El Ministerio de Defensa de Taiwán advirtió que el presupuesto anual y el plan especial de defensa por 1,25 billones de dólares taiwaneses, bloqueados en el Yuan Legislativo, son esenciales ante el rápido deterioro del entorno de seguridad y el aumento de la presión militar de China continental. Según el Gobierno, ya no es viable mantener una postura basada en la disuasión mínima y resulta imprescindible acelerar la aprobación de los recursos para no frenar la modernización y la preparación de las Fuerzas Armadas.
Aunque el plan especial se extiende hasta 2033, las autoridades explicaron que 2027 es considerado por los servicios de inteligencia taiwaneses y occidentales como el momento en que Pekín podría estar listo para una acción militar, lo que obliga a completar antes de esa fecha los principales preparativos. Al mismo tiempo, subrayaron que el desarrollo de capacidades militares es un esfuerzo estructural y de largo plazo, necesario para elevar de forma sostenida el nivel de disuasión frente a una amenaza que se ha multiplicado en intensidad.
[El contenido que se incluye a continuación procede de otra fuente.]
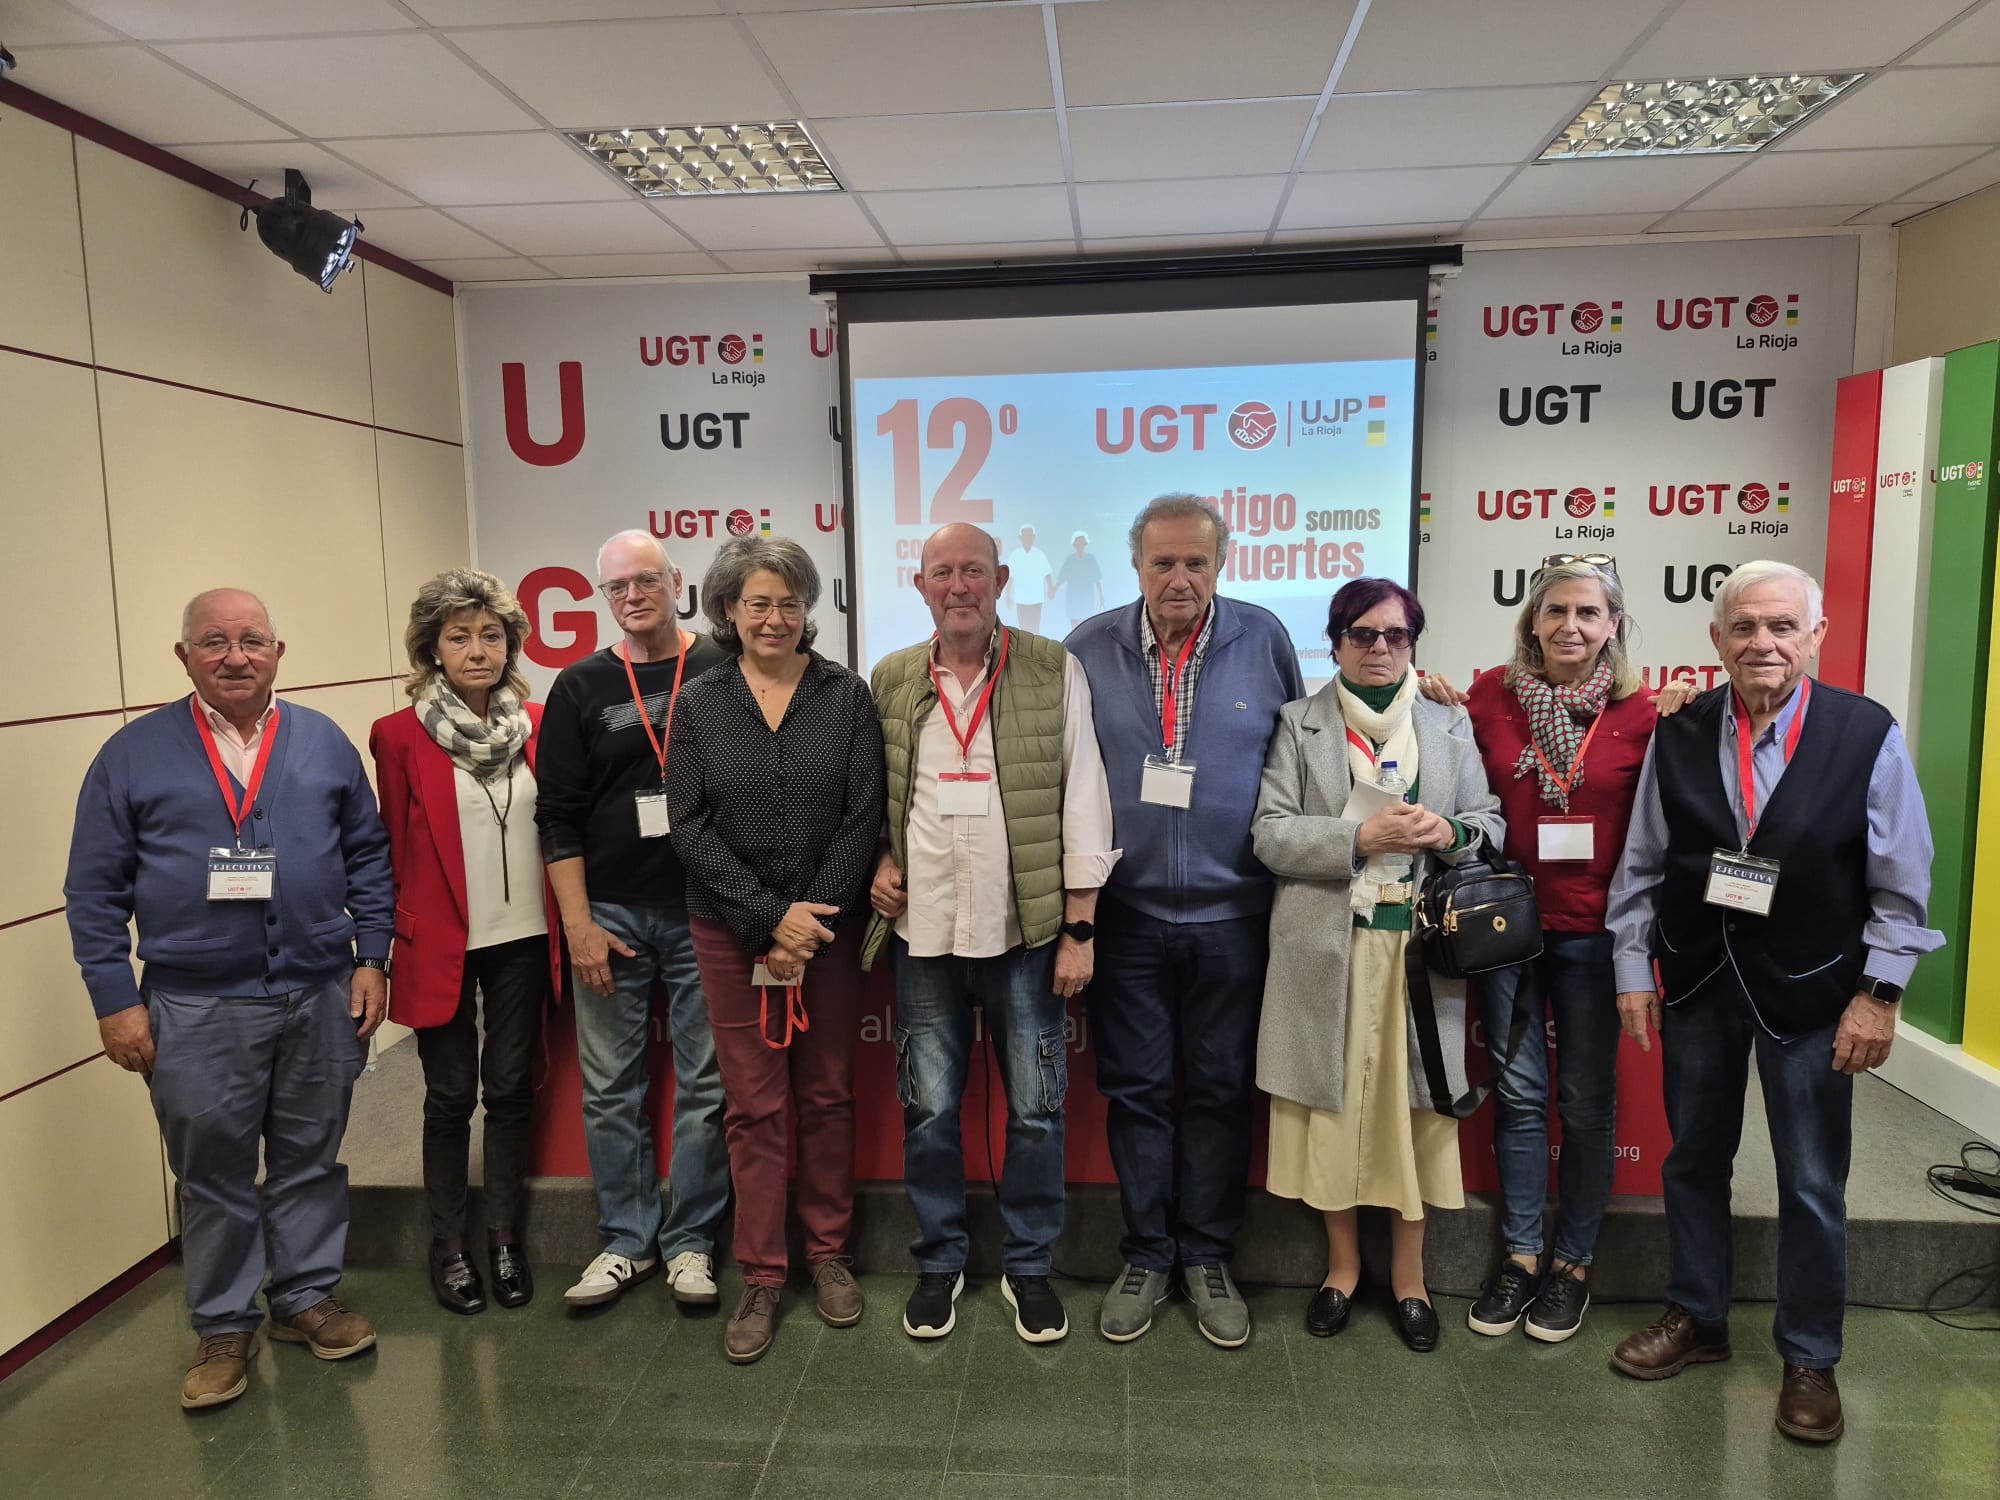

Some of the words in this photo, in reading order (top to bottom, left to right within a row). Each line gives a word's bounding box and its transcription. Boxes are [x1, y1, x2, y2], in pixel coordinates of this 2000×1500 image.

El bloqueo del presupuesto de 2026, que afecta a unos 78 000 millones de dólares taiwaneses, podría retrasar compras clave de armamento y municiones, como sistemas HIMARS, misiles Harpoon, Javelin y Stinger, así como programas de entrenamiento de los cazas F-16 y de ampliación de fuerzas. El Ministerio alertó de que estas demoras comprometerían directamente la preparación operativa y, en última instancia, la capacidad de Taiwán para sostener su seguridad, su economía y la estabilidad social frente a un entorno estratégico cada vez más adverso.